Muitos agricultores dizem que doaram parte do excedente para bancos de alimentos e programas Meals on Wheels, que foram sobrecarregados com a demanda. Mas há muito mais comida perecível disponível do que as instituições de caridade podem absorver.
Os custos de colheita, processamento e transporte de produtos e leite para bancos de alimentos ou outras áreas de necessidade colocariam mais pressão financeira nas fazendas que viram a metade de seus clientes pagantes desaparecer. Exportar grande parte do excesso de alimentos também não é viável, dizem os agricultores, porque muitos clientes internacionais também estão lutando contra a pandemia e as recentes flutuações cambiais tornam as exportações não lucrativas.
“É comovente”, disse Paul Allen, co-proprietário da RC Hatton, que teve que destruir milhões de quilos de feijão e repolho em suas fazendas no sul da Flórida e na Geórgia.
Crédito …Rose Marie Cromwell para o New York Times
Crédito …Rose Marie Cromwell para o New York Times
A destruição generalizada de alimentos frescos – em um momento em que muitos americanos estão sofrendo financeiramente e milhões estão subitamente desempregados – é uma virada de eventos especialmente distópica, mesmo para os padrões de uma pandemia global. Ele reflete a profunda incerteza econômica provocada pelo vírus e quão difícil tem sido para grandes setores da economia, como a agricultura, se adaptarem a uma mudança tão repentina na maneira como devem operar.

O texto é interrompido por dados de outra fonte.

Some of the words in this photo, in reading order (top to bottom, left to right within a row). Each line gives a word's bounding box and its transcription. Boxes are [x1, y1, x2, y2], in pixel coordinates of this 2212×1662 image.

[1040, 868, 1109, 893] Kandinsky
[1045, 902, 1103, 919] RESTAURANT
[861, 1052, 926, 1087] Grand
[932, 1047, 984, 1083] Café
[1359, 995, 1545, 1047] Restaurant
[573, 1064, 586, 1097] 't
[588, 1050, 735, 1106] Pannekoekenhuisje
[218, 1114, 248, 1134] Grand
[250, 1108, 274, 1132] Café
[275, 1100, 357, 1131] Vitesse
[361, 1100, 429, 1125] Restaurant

Mesmo com Allen e outros agricultores plantando legumes frescos no solo, eles tiveram que plantar a mesma colheita novamente, esperando que a economia recomeçasse quando o próximo lote de legumes estiver pronto para a colheita. Mas se a indústria de serviços alimentícios permanecer fechada, essas culturas também poderão ter que ser destruídas.
Os agricultores também estão aprendendo em tempo real sobre os hábitos de consumo do país.

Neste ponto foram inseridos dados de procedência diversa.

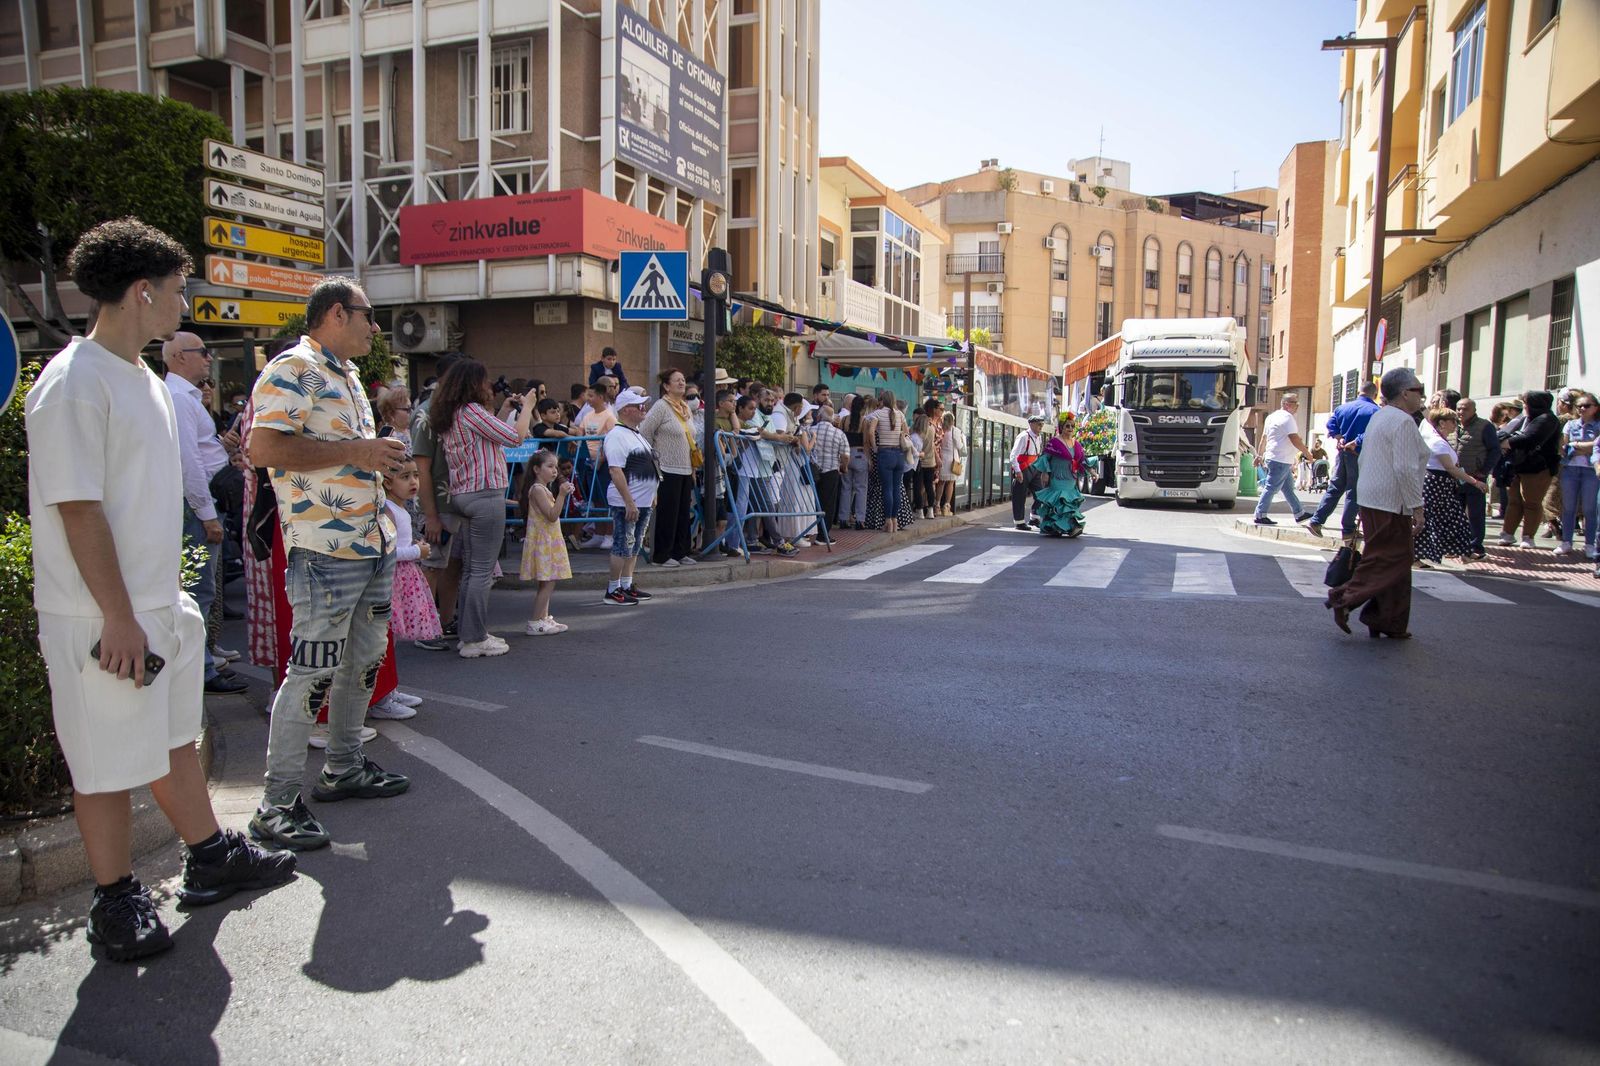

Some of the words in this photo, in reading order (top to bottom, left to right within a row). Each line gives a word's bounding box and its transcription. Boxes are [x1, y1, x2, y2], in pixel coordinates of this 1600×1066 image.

O período de quarentena mostra a diferença de preparo de vegetais nas refeições preparadas em casa e oferecidas em restaurantes.

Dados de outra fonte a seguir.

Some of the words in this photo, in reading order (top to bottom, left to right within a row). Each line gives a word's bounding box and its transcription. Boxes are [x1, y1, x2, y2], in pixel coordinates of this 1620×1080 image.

“As pessoas não fazem anéis de cebola em casa”, disse Shay Myers, um cultivador de cebola de terceira geração cujos campos se estendem pela fronteira de Oregon e Idaho.
Myers disse que não há boas soluções para o excesso de alimentos frescos. Depois que seu maior cliente – a indústria de restaurantes – fechou na Califórnia e em Nova York, sua fazenda começou a redistribuir cebolas de sacos de 50 libras em sacolas menores que podiam ser vendidas em supermercados. Ele também começou a congelar algumas cebolas, mas ele tem capacidade limitada de armazenamento a frio.
Crédito …Rose Marie Cromwell para o New York Times
Com poucas outras opções, Myers começou a enterrar dezenas de milhares de quilos de cebola e a deixar elas se decomporem nas trincheiras.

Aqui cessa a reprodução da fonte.